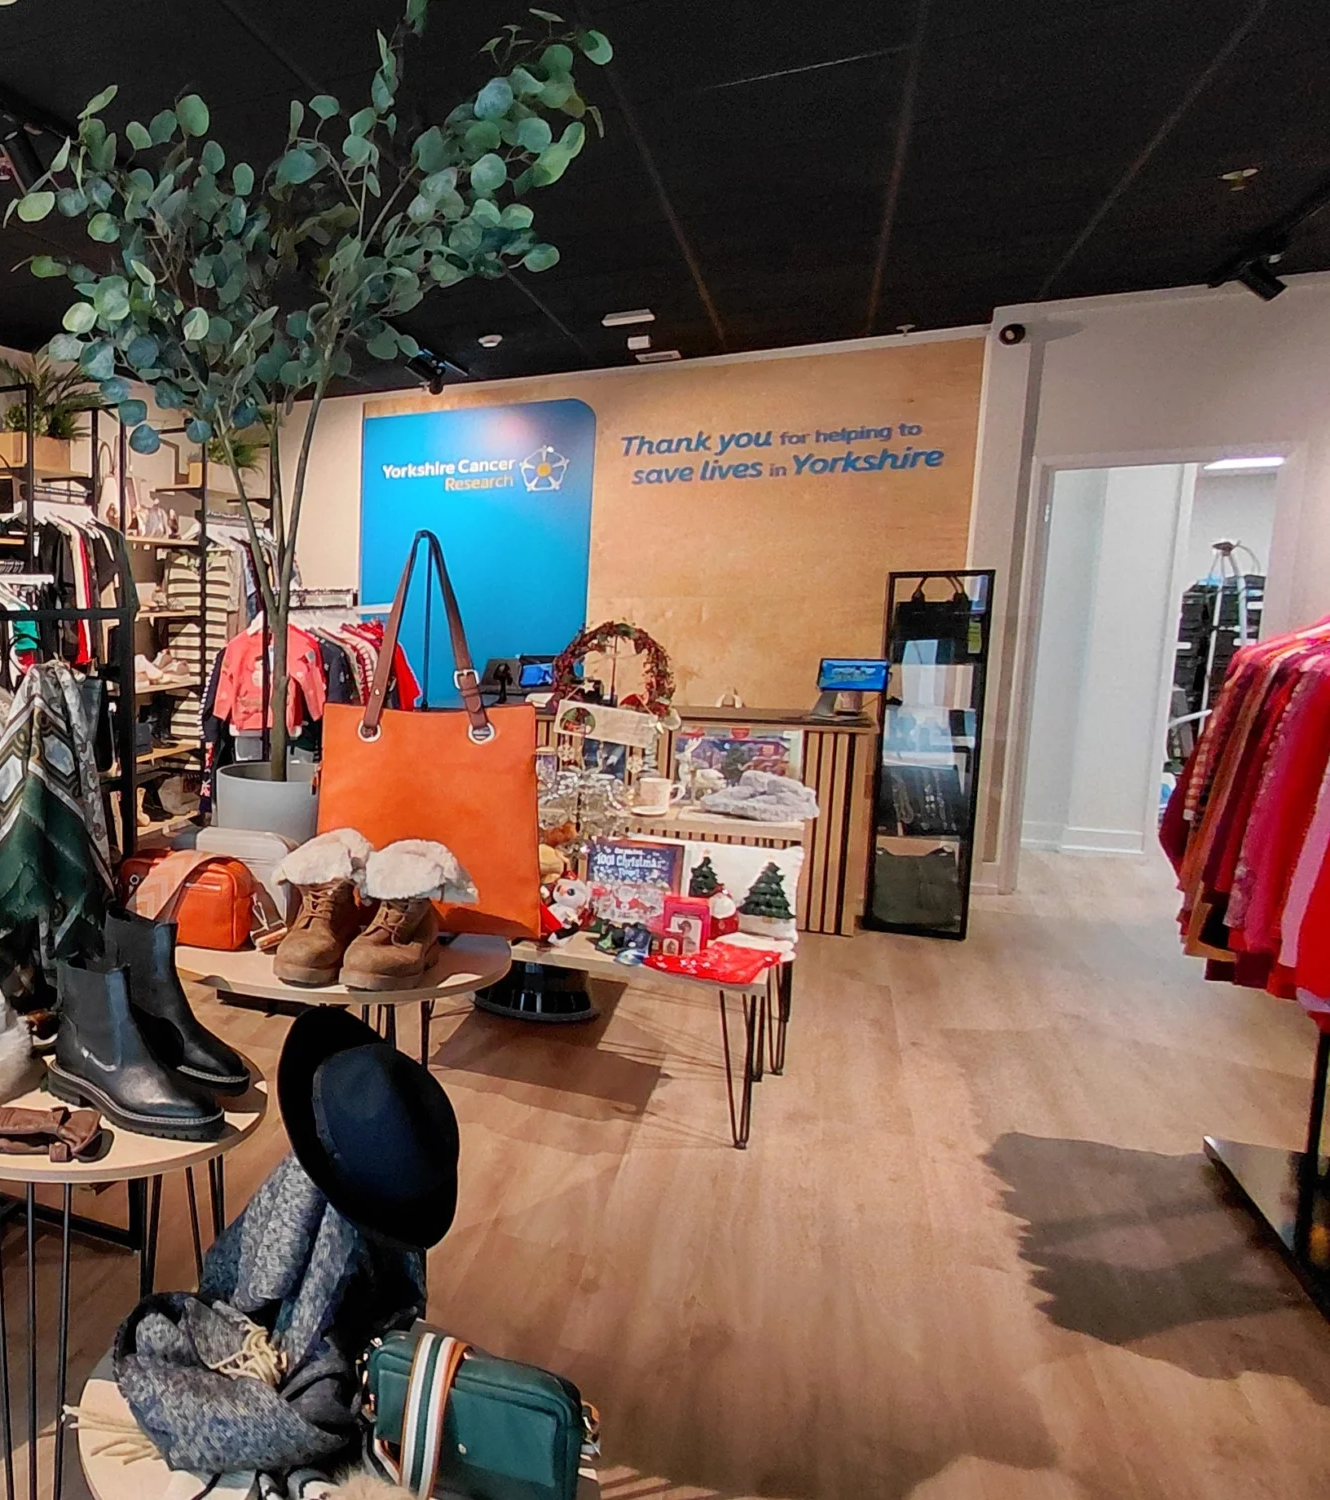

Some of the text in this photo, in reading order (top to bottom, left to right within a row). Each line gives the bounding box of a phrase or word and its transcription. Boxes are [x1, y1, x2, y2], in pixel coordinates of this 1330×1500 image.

[621, 423, 923, 457] Thank you for helping to
[382, 458, 516, 479] Yorkshire Cancer
[631, 446, 945, 485] save lives in Yorkshire
[445, 474, 514, 492] Research

EXERCISE DIRECTIONS
Go through the entries above and output them exactly, without pictures.

ANSWER FOR THE TASK
Some of the text in this photo, in reading order (top to bottom, left to right within a row). Each line gives the bounding box of a phrase or word and its transcription. Boxes are [x1, y1, x2, y2], in pixel coordinates of this 1330×1500 image.

[621, 423, 923, 457] Thank you for helping to
[382, 458, 516, 479] Yorkshire Cancer
[631, 446, 945, 485] save lives in Yorkshire
[445, 474, 514, 492] Research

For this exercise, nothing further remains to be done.